* [Task to carry out]: Search the entries for the line containing "this 1280×1703 image.". Repeat it, then every line after it, exactly through the final line.

* [Provided entries]:
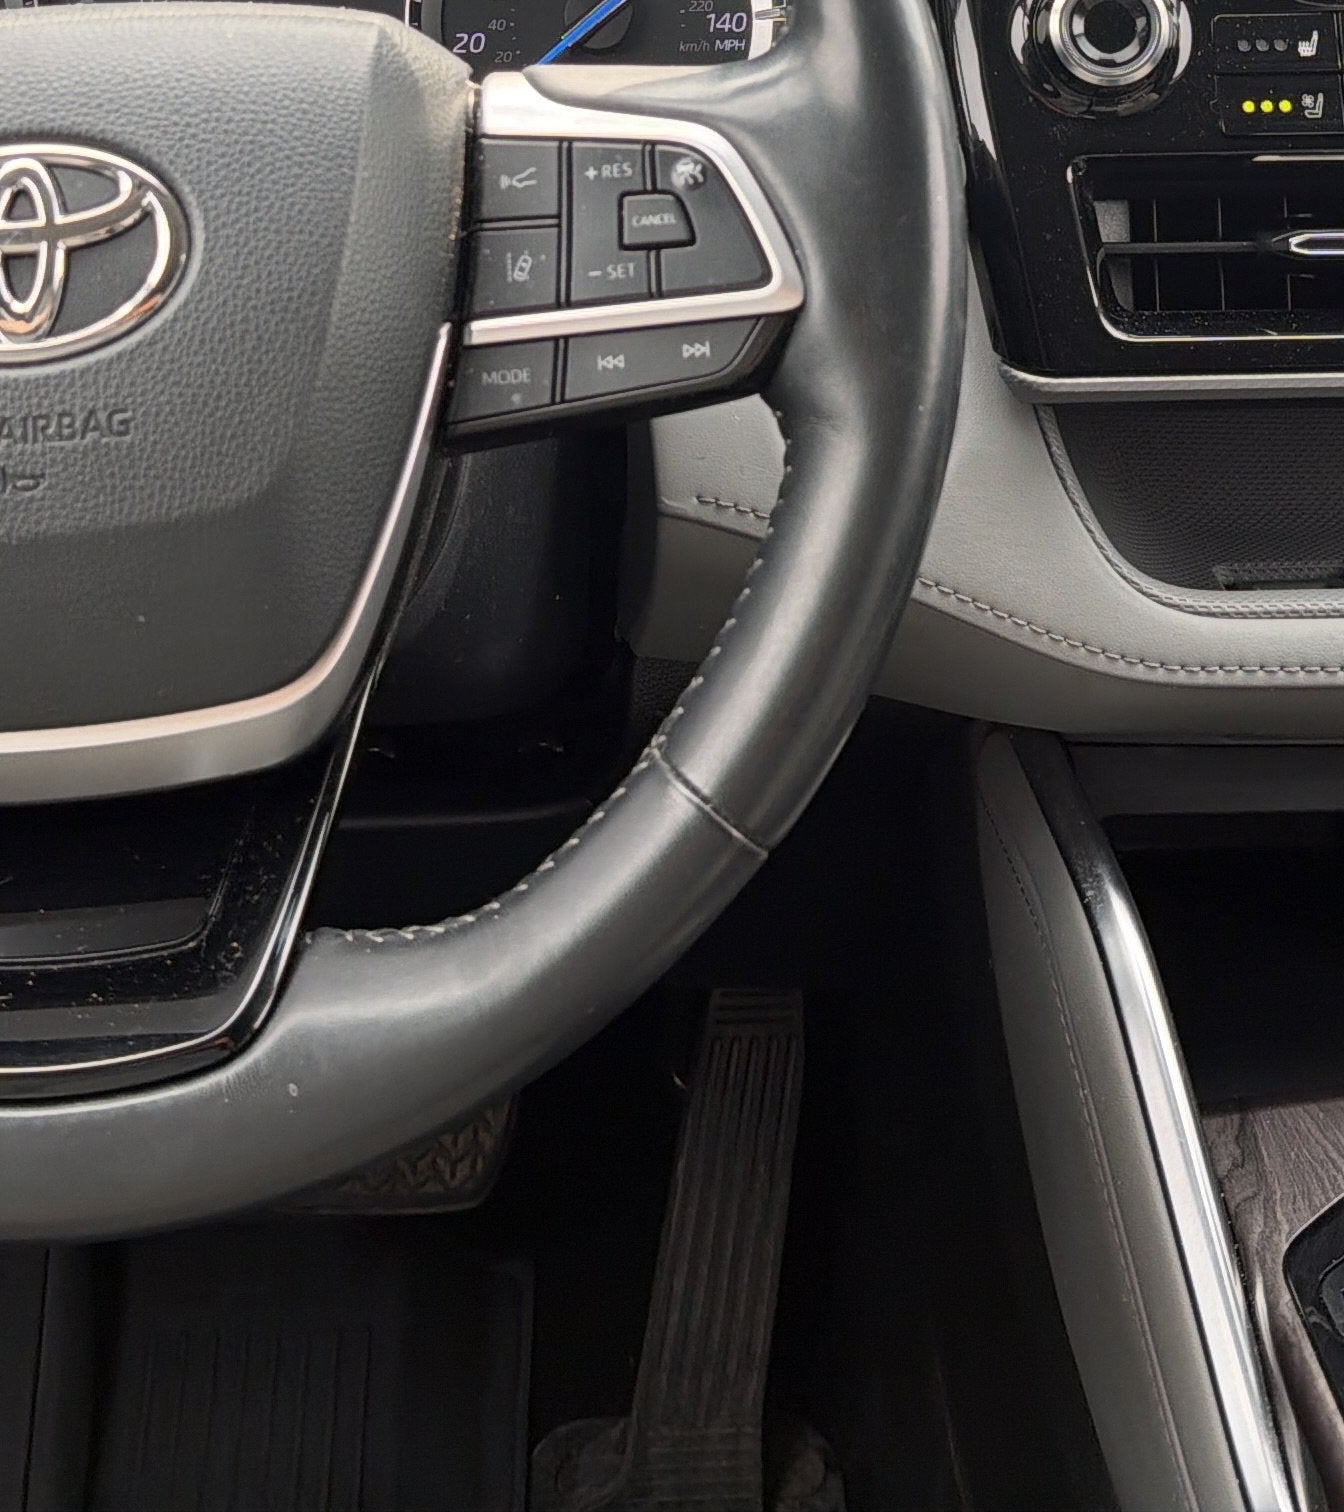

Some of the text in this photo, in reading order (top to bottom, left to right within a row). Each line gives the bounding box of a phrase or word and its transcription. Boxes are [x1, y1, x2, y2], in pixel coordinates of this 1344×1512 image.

[688, 0, 714, 13] 220
[488, 19, 506, 31] 40
[706, 12, 748, 33] 140
[453, 33, 486, 54] 20
[679, 39, 746, 53] km/h MPH
[495, 51, 513, 63] 20
[632, 213, 676, 226] CANCEL
[482, 368, 531, 385] MODE
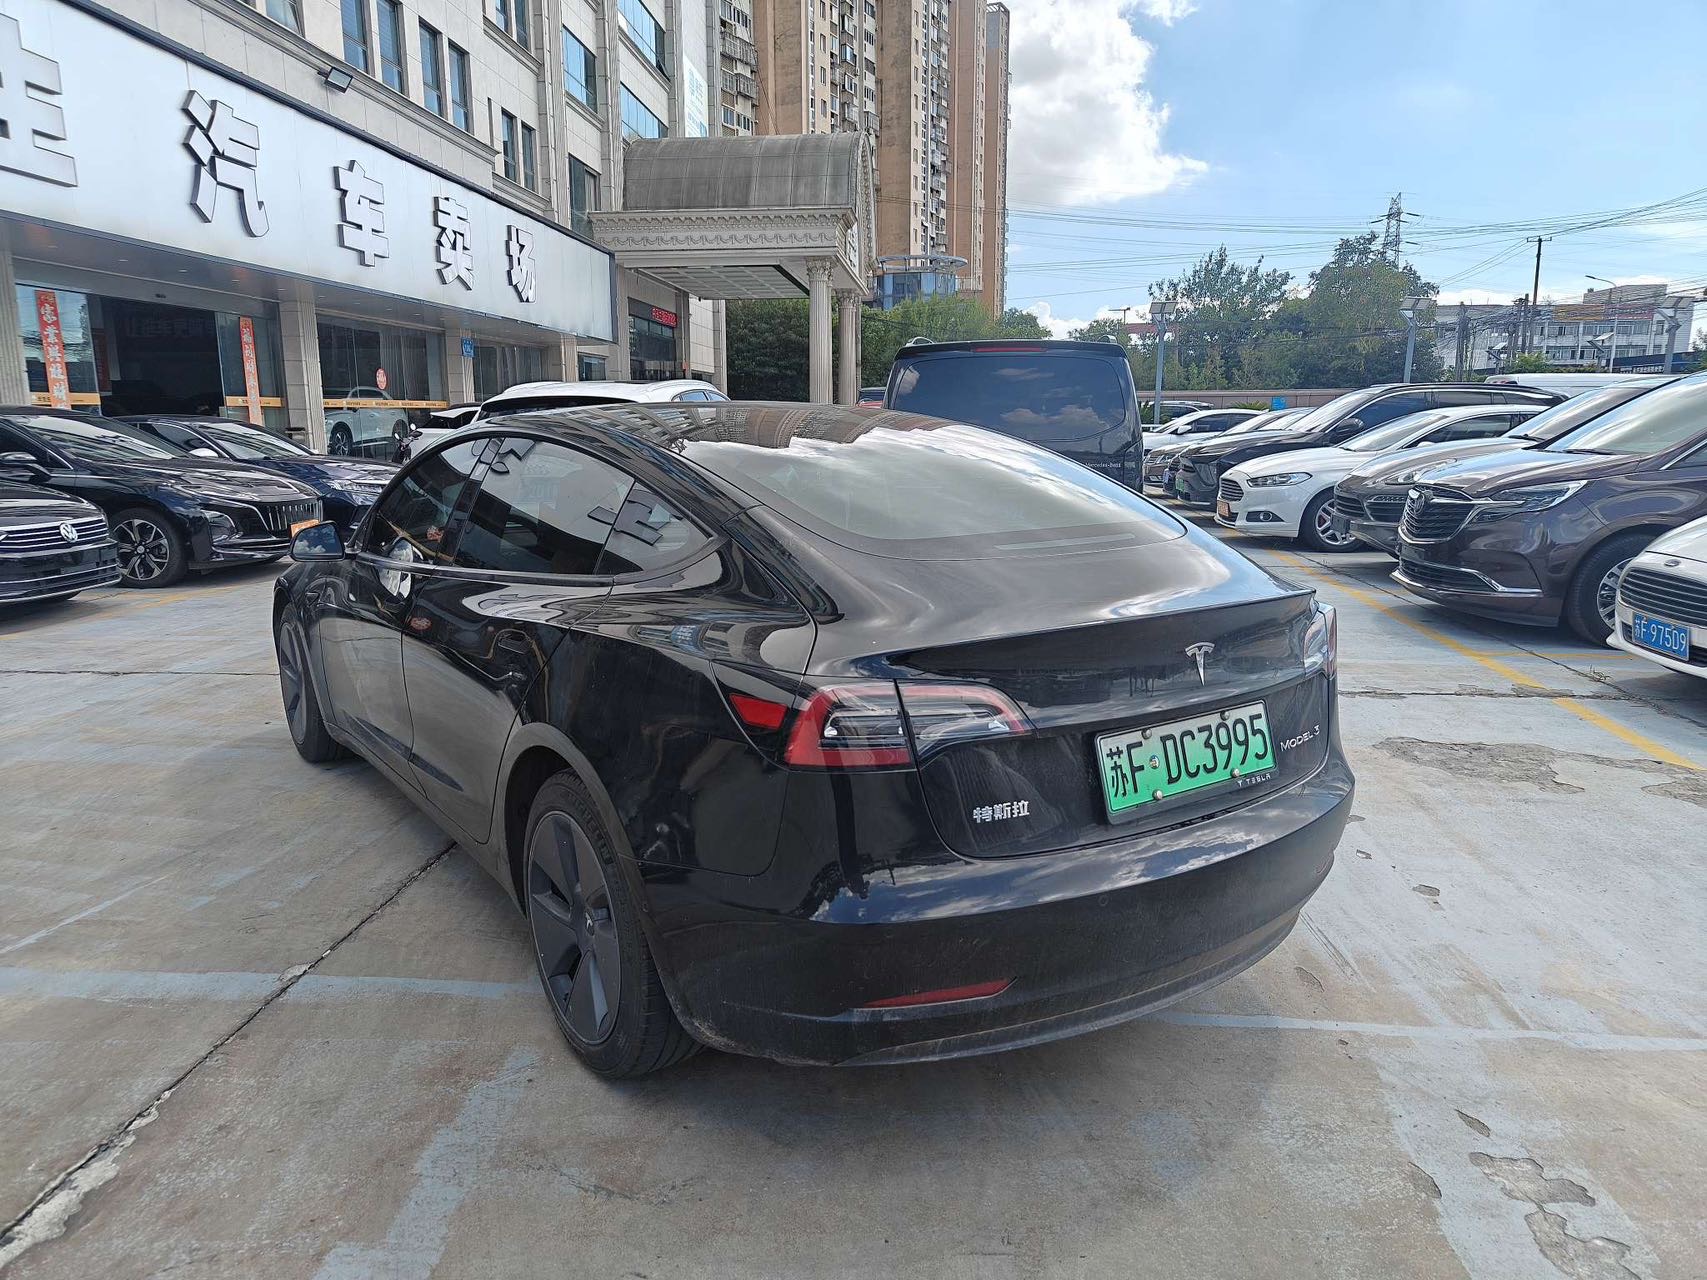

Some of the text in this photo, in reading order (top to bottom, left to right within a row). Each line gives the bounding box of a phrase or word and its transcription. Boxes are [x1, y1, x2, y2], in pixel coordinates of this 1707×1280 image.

[1280, 731, 1313, 752] MODEL
[1246, 773, 1271, 784] TESLA
[972, 799, 1030, 824] 特斯拉
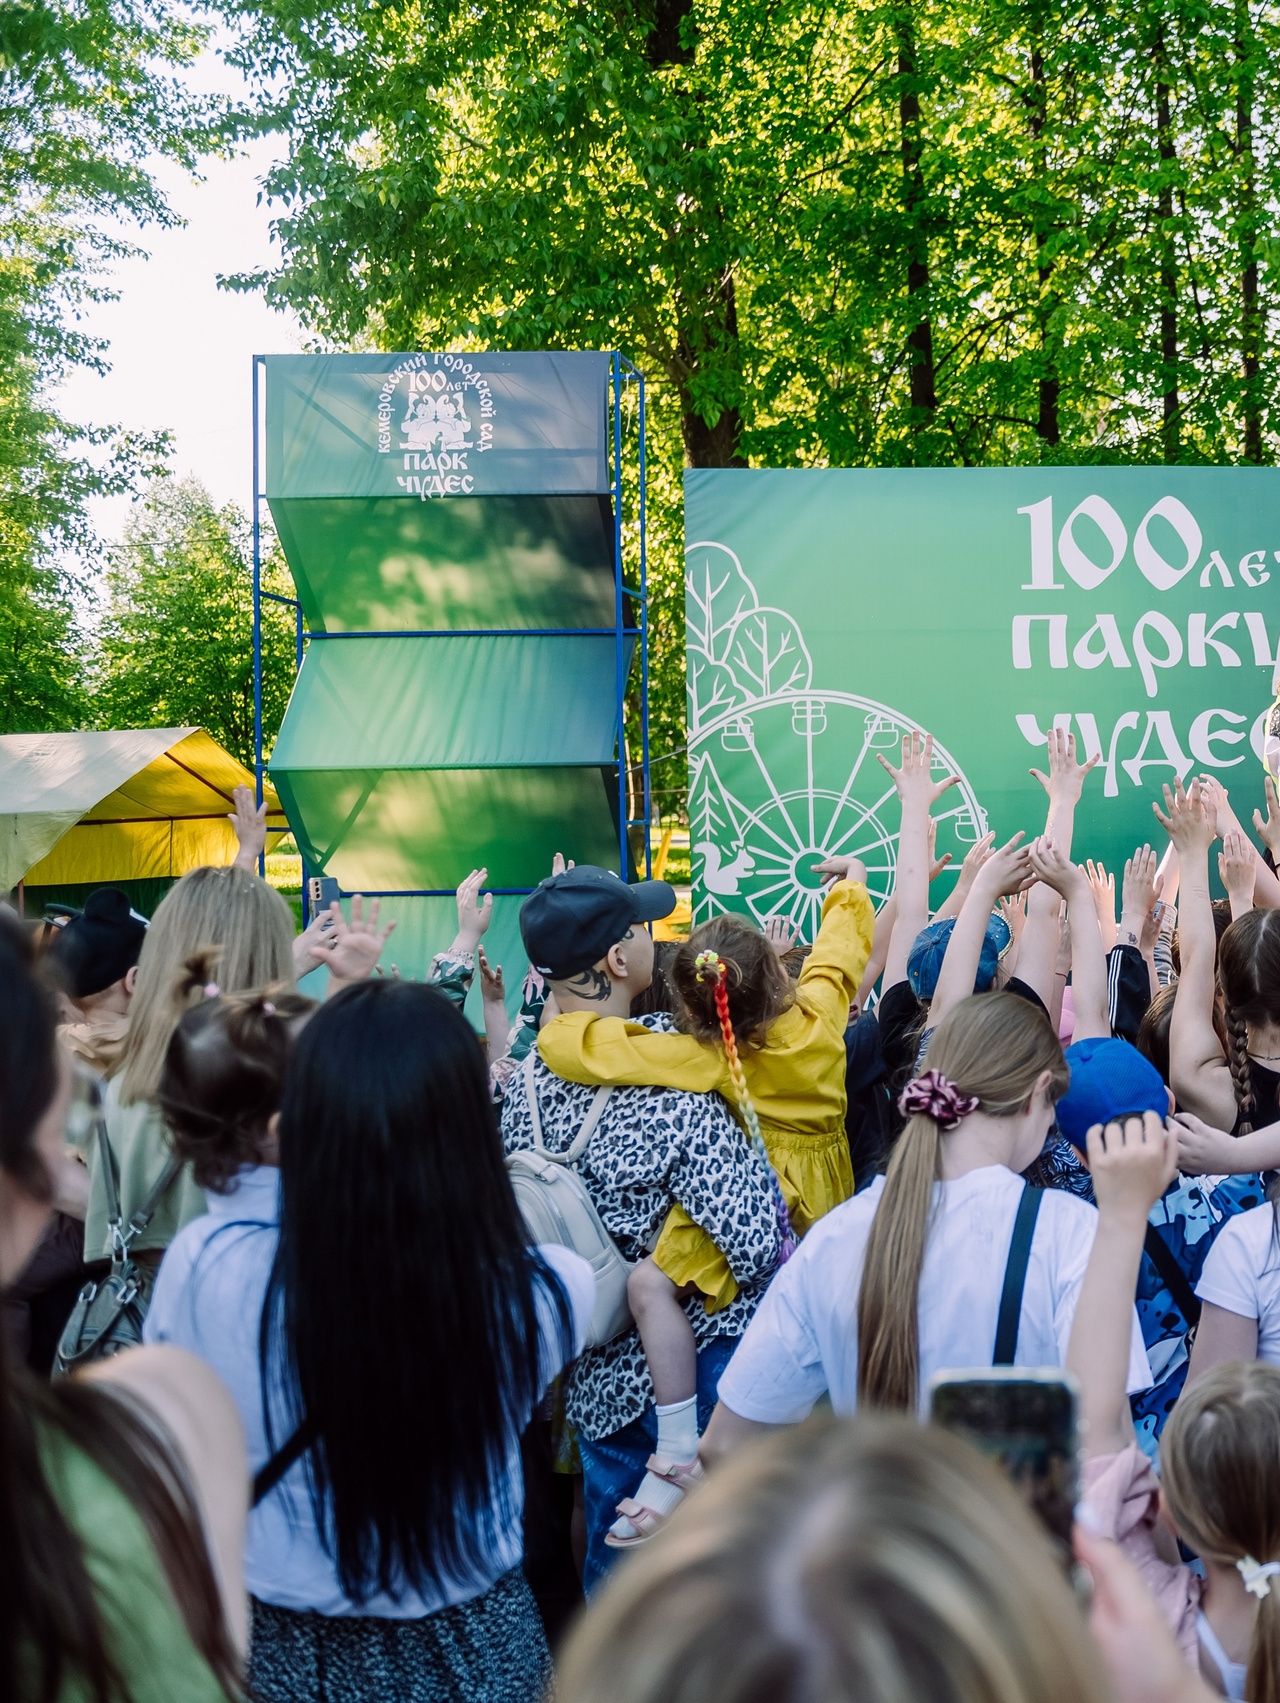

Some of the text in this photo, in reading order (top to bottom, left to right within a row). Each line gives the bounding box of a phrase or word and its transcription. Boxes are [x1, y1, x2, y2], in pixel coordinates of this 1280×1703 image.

[378, 352, 497, 453] КЕМЕРОВСКИЙ ГОРОДСКОЙ САД
[408, 370, 447, 393] 100
[396, 475, 475, 502] ЧУДЕС
[403, 451, 468, 479] ПАРК
[1016, 494, 1203, 591] 100
[1015, 708, 1270, 798] ЧУДЕ

* [Solved exercise]:
Some of the text in this photo, in reading order (top to bottom, left to right within a row). Each line gives the bounding box of a phrase or word and its transcription. Boxes are [x1, y1, x2, y2], in pixel coordinates of this 1280×1703 image.

[378, 352, 497, 453] КЕМЕРОВСКИЙ ГОРОДСКОЙ САД
[408, 370, 447, 393] 100
[396, 475, 475, 502] ЧУДЕС
[403, 451, 468, 479] ПАРК
[1016, 494, 1203, 591] 100
[1015, 708, 1270, 798] ЧУДЕ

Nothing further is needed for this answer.